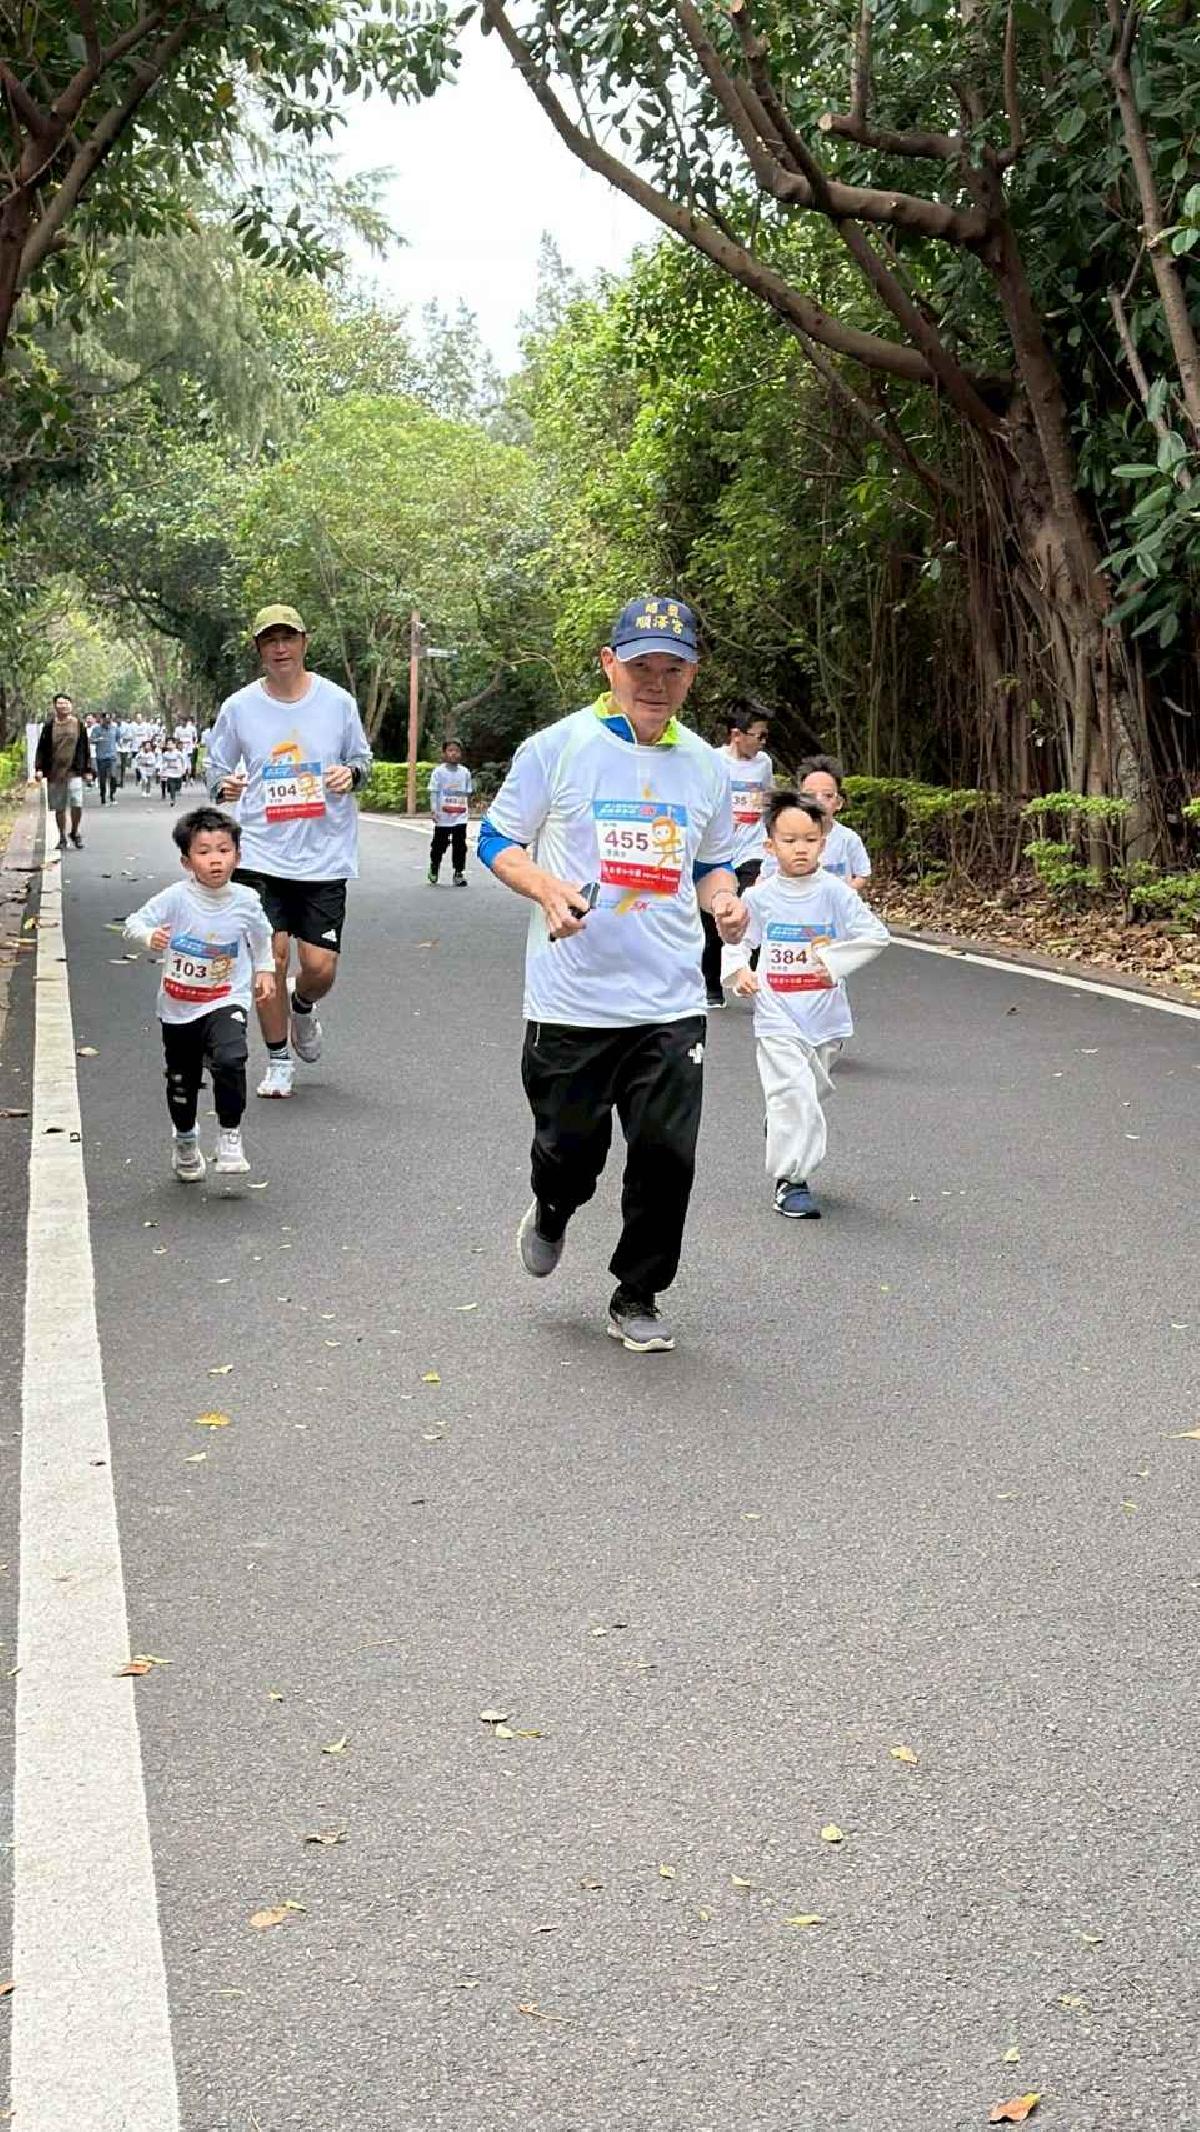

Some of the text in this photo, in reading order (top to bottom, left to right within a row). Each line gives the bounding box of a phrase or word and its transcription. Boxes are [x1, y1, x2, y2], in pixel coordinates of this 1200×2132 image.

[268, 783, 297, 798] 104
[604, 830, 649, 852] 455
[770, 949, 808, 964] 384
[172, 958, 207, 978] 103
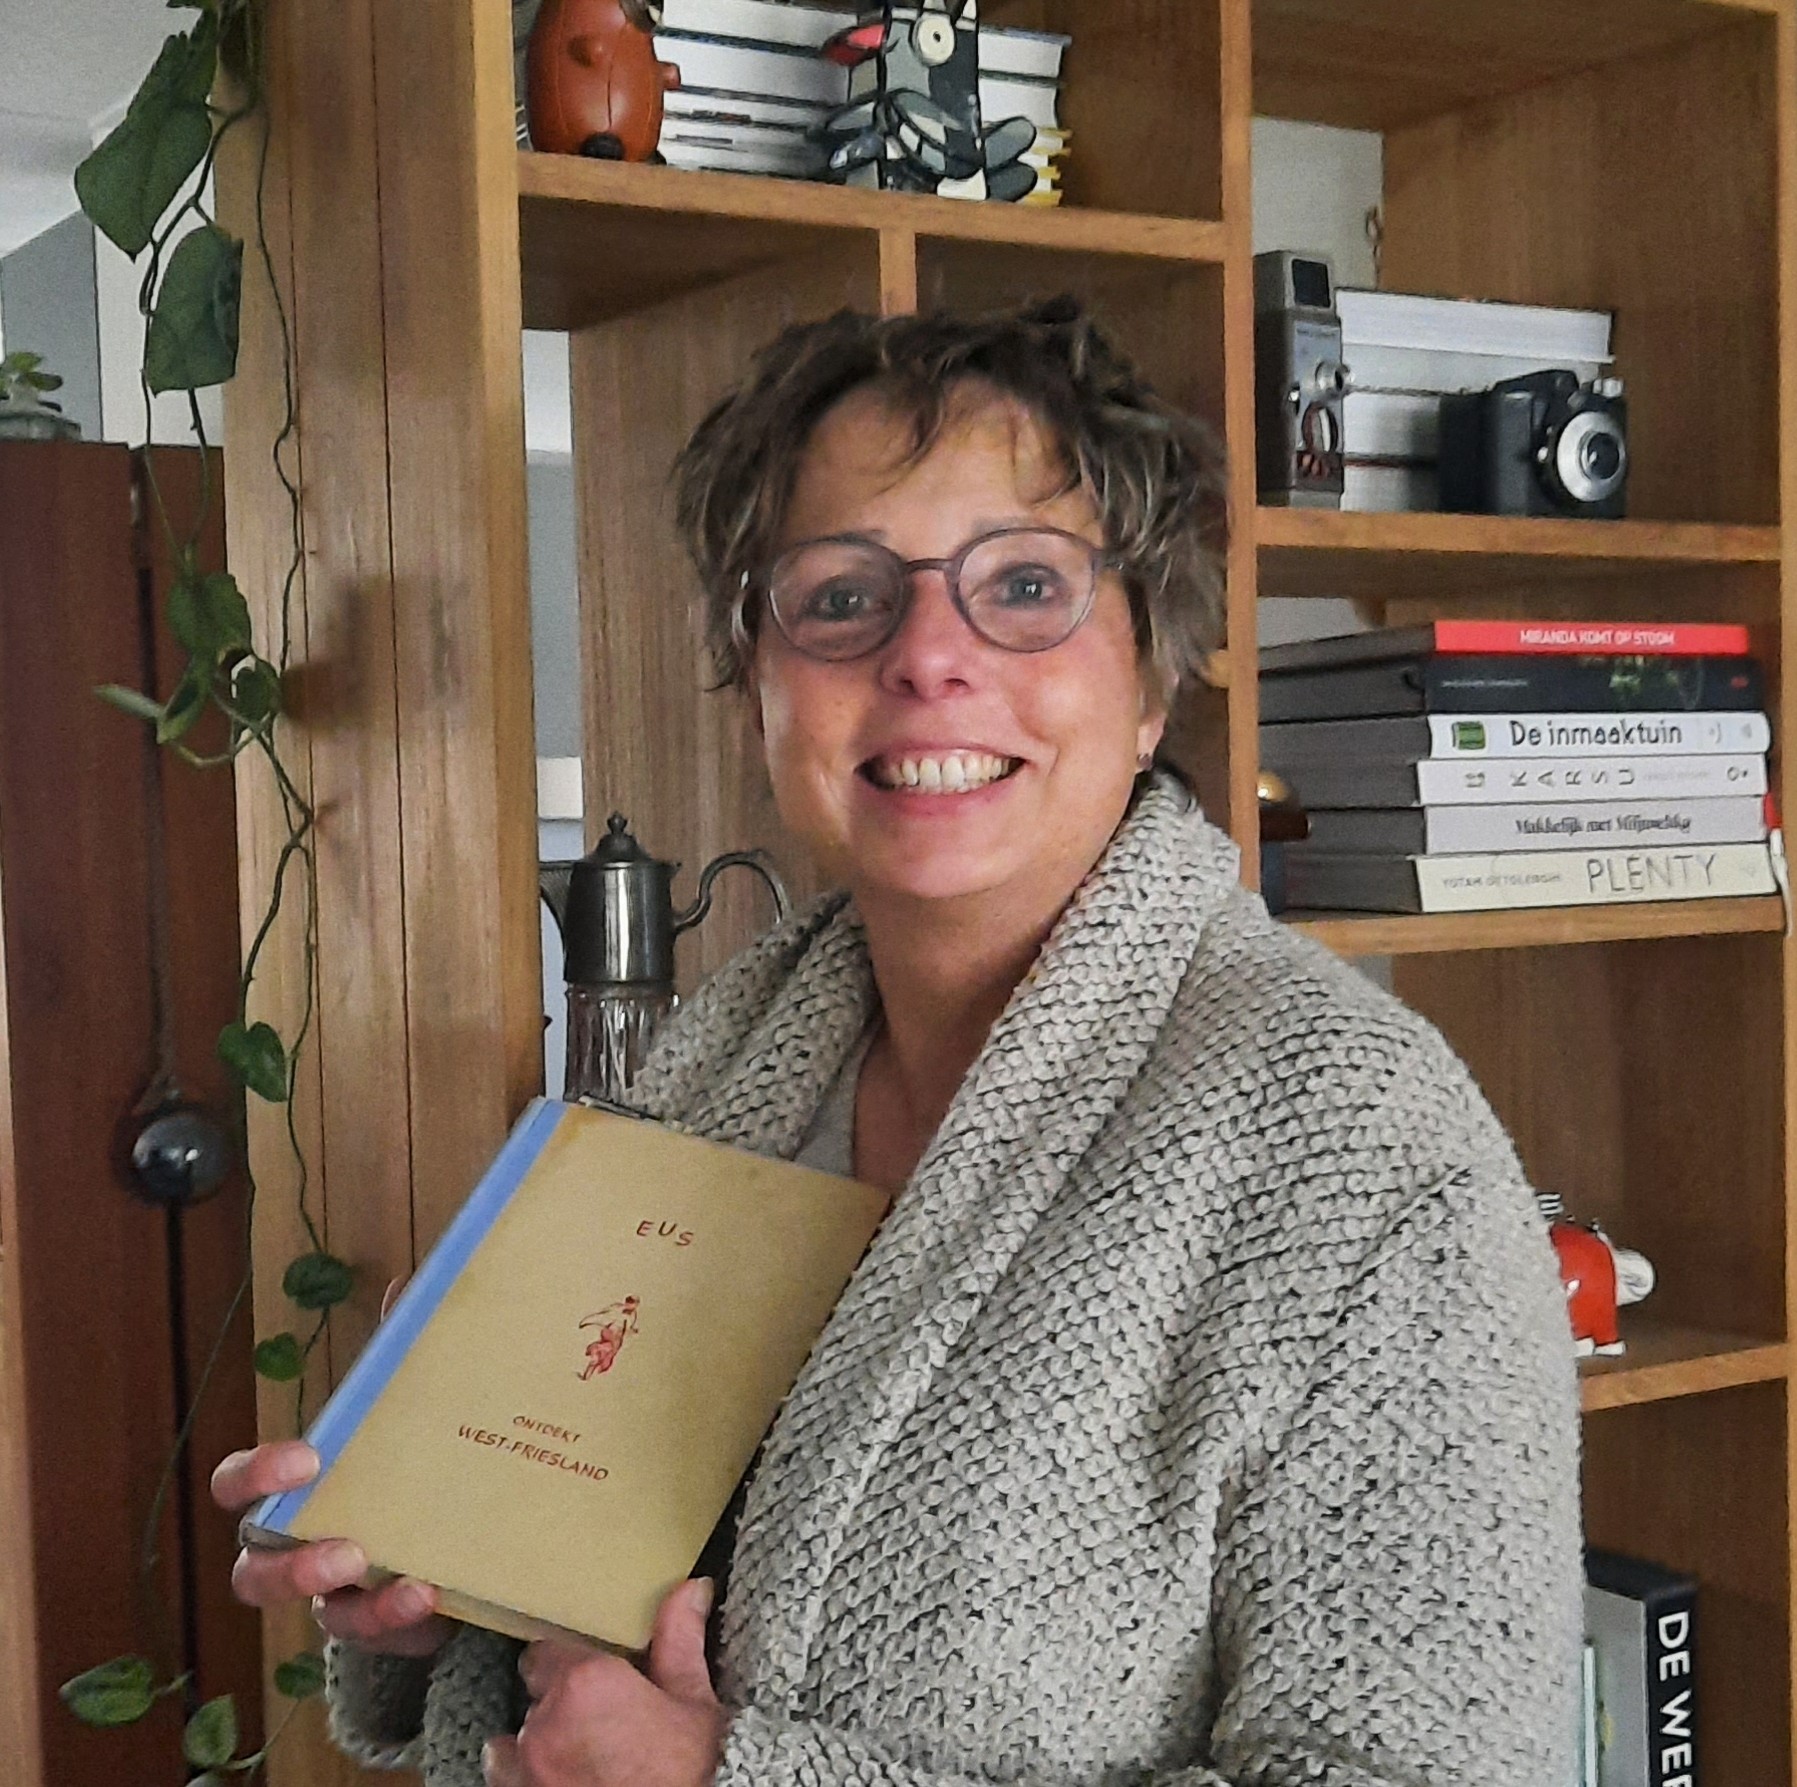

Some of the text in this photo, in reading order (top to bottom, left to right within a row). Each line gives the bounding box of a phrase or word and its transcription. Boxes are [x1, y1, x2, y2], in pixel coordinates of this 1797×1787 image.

------------------------------------------------------------

● Task to complete:
Would it be possible to print the records above verbatim, pictures omitted?

● Exercise output:
Some of the text in this photo, in reading order (top to bottom, left to right within a row). Each line gives the bounding box of a phrase or word and its transcription. Boxes are [x1, y1, x2, y2], in pixel coordinates of this 1200×2132 image.

[268, 783, 297, 798] 104
[604, 830, 649, 852] 455
[770, 949, 808, 964] 384
[172, 958, 207, 978] 103

Some of the text in this photo, in reading order (top to bottom, left to right within a row). Each line gives the bounding box of a phrase or word and its transcription. Boxes are [x1, y1, x2, y2], in pixel coordinates of this 1797×1787 image.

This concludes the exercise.